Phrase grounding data
=== Section Start ===
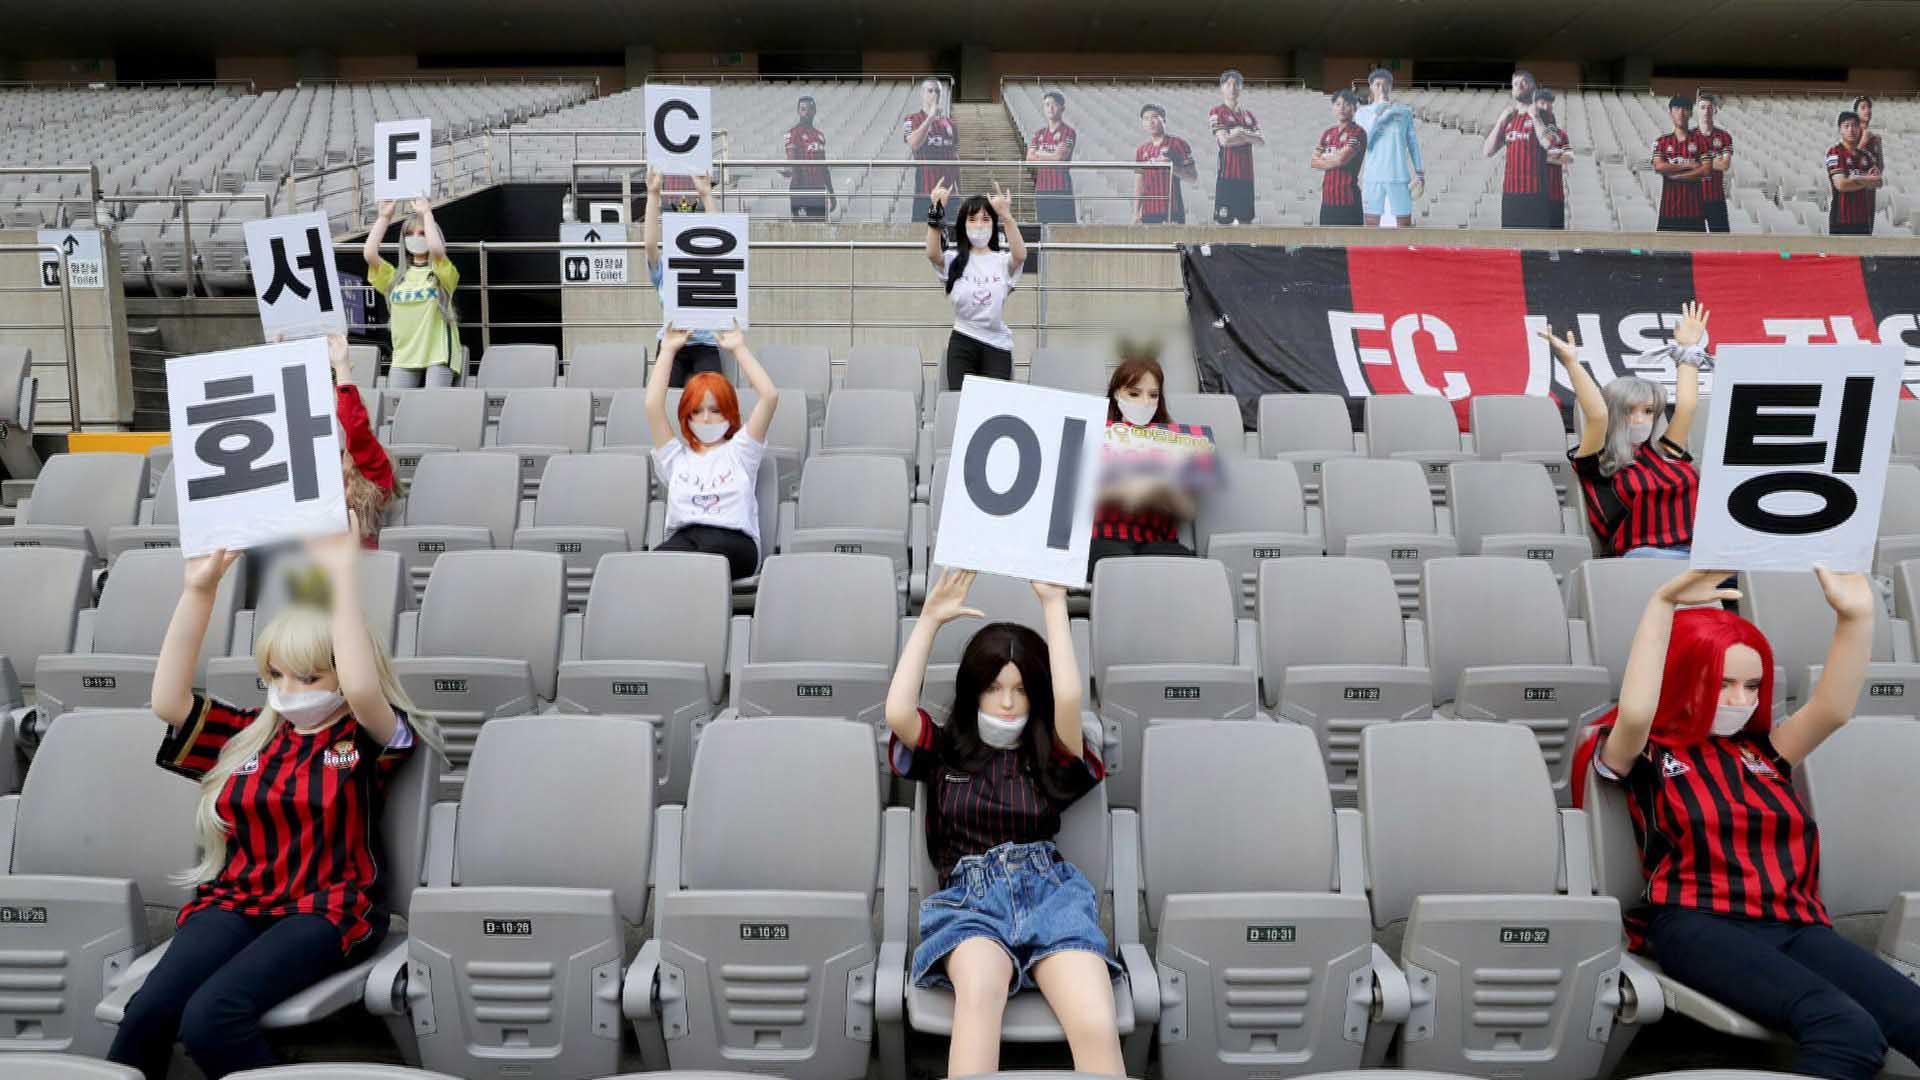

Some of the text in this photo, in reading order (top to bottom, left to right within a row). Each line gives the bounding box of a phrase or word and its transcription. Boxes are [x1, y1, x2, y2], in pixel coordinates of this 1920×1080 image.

[388, 132, 420, 180] F
[654, 101, 700, 154] C
[262, 228, 334, 313] 서
[593, 258, 623, 269] 화장실
[594, 270, 623, 280] Toilet
[668, 228, 745, 310] 울
[1328, 310, 1471, 400] FC
[187, 364, 333, 503] 화
[1722, 376, 1876, 535] 팅
[964, 414, 1087, 551] 이
=== Section End ===
_What this task involves_
Reprint each of the records exactly and skip the images.

_Solution for this task_
Some of the text in this photo, in reading order (top to bottom, left to right within a row). Each line gives the bounding box of a phrase or word and its transcription. Boxes are [x1, y1, x2, y2], in pixel coordinates of this 1920×1080 image.

[388, 132, 420, 180] F
[654, 101, 700, 154] C
[262, 228, 334, 313] 서
[593, 258, 623, 269] 화장실
[594, 270, 623, 280] Toilet
[668, 228, 745, 310] 울
[1328, 310, 1471, 400] FC
[187, 364, 333, 503] 화
[1722, 376, 1876, 535] 팅
[964, 414, 1087, 551] 이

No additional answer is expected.